I'd also note that these lessons learned have come at no minor cost of time, effort, and resources and are thus worth considering at length. You will find that they address many of the major decision points about what to focus on and what drives improved outcomes when applying social media within a large organization.

1. Changing behavior is more important — and harder — than selecting the tools.

Today's workers are typically very busy and already multitask a great deal. Their attention is typically fragmented across too many tools already. Getting them to change the way they work, particularly if it's deeply ingrained, is often the biggest challenge. Work processes must become more open, shared and transparent in a social business world but many corporate cultures will be the biggest obstacle when there is a belief that controlling information represents power.

Many social business efforts undergo intense efforts to select the right tools but far too little effort in identifying and driving the necessary cultural and behavioral changes that will result in much better outcomes. Many companies are also reticent to invest in large-scale change management efforts based on the cost and perceived potential for disruption. The lesson here is that while the right social technology is a required enabler, proactive behavior change is equally necessary.

2. There is no one platform.
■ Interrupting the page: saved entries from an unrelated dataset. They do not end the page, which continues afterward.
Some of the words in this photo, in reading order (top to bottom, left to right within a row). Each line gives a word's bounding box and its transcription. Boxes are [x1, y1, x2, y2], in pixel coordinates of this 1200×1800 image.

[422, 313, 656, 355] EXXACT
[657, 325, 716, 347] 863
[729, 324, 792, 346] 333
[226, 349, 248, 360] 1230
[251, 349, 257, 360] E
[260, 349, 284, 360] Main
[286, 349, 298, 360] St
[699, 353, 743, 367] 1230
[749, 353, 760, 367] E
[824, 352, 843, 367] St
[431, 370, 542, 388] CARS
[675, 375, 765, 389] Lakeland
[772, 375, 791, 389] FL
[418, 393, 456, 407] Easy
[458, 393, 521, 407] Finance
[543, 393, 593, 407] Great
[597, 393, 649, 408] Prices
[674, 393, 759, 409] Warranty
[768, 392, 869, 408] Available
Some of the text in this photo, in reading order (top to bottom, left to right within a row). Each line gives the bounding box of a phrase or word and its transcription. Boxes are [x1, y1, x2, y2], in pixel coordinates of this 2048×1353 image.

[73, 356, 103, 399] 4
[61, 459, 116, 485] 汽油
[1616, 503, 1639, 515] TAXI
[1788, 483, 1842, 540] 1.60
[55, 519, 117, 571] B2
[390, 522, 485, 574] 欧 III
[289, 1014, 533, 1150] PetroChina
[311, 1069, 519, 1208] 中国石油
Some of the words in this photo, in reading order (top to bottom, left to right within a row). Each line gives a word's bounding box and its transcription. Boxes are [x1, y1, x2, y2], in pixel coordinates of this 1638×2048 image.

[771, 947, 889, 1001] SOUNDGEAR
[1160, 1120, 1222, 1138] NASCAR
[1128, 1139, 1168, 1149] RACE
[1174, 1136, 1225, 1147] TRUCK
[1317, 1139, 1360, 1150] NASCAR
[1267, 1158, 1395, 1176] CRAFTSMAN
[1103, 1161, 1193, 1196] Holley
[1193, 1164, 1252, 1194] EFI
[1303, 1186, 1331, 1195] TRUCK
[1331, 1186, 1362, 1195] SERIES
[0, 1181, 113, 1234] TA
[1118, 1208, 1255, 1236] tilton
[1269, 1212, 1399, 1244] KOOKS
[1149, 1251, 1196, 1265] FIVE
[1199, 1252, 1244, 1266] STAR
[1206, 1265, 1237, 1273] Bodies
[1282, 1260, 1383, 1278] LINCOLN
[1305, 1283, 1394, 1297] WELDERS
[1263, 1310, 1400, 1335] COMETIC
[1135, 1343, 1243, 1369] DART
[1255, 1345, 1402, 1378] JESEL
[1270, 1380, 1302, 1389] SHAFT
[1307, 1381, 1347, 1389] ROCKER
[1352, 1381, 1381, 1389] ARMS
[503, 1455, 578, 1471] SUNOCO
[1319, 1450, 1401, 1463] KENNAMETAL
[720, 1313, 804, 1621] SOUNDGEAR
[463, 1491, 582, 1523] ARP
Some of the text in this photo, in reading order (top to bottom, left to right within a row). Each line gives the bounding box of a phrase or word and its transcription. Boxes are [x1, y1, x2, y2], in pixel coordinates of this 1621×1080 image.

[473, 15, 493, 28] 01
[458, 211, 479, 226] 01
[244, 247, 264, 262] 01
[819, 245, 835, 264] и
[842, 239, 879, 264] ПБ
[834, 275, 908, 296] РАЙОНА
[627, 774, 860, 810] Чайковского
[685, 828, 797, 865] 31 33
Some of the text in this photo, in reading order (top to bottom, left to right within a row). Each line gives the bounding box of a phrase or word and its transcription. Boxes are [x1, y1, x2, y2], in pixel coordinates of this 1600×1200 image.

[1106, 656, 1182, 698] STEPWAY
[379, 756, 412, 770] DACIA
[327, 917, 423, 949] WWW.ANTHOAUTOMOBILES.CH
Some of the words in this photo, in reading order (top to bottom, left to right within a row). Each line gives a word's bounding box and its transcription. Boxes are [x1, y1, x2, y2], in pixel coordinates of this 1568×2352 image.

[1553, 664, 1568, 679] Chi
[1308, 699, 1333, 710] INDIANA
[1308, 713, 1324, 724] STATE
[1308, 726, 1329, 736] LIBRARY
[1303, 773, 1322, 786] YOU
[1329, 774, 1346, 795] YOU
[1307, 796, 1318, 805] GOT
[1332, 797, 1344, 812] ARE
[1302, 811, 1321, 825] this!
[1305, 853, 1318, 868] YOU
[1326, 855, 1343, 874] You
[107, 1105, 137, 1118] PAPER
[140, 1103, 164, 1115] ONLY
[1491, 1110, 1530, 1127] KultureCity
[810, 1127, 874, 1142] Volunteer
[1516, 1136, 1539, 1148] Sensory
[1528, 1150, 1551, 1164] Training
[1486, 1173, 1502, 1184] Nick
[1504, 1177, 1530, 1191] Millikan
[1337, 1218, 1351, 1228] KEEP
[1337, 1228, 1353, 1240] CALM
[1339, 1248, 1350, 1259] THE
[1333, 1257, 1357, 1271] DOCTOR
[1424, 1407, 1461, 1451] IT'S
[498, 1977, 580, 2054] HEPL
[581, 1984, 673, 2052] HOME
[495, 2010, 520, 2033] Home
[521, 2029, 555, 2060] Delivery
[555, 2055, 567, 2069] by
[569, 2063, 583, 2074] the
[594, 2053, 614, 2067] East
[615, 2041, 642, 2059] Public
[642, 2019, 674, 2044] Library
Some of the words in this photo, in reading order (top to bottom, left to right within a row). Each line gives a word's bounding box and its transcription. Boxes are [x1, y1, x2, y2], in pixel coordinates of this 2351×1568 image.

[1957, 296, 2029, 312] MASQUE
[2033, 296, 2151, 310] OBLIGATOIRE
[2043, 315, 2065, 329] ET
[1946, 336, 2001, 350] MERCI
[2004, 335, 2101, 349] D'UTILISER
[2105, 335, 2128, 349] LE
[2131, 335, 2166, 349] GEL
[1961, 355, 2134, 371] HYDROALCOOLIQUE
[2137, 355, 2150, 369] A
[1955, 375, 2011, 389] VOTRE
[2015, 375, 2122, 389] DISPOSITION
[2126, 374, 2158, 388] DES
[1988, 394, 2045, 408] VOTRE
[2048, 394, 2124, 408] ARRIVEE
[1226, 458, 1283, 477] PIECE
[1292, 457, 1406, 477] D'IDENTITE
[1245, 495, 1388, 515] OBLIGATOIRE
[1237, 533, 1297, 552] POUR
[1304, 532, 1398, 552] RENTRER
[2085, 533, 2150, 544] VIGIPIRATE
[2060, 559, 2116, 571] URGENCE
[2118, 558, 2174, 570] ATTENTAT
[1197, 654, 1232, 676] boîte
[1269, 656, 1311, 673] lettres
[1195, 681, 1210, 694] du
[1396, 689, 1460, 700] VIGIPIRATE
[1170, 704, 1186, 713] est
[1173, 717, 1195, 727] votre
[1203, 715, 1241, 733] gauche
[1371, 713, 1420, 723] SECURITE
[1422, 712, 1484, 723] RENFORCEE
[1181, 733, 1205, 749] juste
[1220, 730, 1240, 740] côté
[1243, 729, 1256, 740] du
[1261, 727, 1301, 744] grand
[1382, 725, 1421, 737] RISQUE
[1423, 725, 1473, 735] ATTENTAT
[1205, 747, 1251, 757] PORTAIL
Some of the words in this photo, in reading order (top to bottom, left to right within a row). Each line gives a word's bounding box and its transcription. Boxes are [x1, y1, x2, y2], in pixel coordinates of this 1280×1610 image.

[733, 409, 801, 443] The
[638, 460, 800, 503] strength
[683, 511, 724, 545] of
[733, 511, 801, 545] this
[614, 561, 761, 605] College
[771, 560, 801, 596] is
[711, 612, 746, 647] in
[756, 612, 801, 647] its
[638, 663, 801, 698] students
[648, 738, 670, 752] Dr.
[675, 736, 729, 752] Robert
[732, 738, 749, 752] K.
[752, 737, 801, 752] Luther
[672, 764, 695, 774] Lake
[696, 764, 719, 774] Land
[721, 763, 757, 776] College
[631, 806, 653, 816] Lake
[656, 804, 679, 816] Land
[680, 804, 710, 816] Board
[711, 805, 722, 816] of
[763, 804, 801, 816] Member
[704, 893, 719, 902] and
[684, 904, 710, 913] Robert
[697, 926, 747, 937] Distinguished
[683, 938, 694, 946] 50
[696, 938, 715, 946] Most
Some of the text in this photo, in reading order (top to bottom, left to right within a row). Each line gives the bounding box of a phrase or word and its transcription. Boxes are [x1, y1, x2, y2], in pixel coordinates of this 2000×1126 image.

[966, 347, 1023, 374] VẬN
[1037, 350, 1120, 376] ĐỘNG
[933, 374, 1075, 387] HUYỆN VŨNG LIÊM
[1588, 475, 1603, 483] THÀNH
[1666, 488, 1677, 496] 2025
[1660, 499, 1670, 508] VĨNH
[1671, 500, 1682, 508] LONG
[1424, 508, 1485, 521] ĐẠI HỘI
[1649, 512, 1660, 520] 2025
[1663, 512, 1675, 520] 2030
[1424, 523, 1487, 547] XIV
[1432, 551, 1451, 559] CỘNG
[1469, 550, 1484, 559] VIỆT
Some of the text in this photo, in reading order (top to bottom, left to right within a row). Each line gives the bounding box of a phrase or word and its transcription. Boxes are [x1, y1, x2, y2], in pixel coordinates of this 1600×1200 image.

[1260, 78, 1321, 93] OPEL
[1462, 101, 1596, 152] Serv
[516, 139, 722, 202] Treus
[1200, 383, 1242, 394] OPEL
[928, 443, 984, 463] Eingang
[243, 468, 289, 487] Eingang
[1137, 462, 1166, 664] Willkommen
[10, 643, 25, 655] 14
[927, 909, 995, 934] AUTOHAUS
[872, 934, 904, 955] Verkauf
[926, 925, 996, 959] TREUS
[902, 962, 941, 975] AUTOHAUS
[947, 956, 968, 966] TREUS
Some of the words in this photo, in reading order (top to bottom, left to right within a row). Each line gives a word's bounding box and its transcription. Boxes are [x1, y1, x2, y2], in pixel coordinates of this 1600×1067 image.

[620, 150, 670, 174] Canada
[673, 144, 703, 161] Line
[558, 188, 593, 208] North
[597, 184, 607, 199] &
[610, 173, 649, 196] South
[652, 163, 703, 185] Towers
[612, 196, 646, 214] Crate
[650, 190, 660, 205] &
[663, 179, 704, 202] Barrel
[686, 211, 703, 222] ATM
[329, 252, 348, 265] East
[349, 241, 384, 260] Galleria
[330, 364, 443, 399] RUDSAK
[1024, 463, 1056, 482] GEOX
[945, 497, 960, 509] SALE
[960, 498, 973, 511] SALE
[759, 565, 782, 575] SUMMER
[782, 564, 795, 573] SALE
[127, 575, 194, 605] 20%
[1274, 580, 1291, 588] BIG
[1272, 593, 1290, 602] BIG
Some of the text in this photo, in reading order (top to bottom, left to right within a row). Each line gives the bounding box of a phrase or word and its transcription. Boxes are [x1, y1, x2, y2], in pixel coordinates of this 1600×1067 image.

There shouldn't be dozens either.

Most organizations I encounter try to select one large social software platform to standardize upon. They are compelling reasons to do this and historically there was usually just one email, portal or unified communication tool. However, social is starting to come at organizations from every avenue these days, even being woven into the fabric of existing appellations from many major software vendors. Example: Content management and document management are just two popular application types that are sprouting social features that will compete directly with any single platform selection. Then there is the social business "stack" of which social media tools proper are just one aspect, with the others being listening, management, analytic, security, compliance, moderation and business intelligence tools that layer on top of the social media components.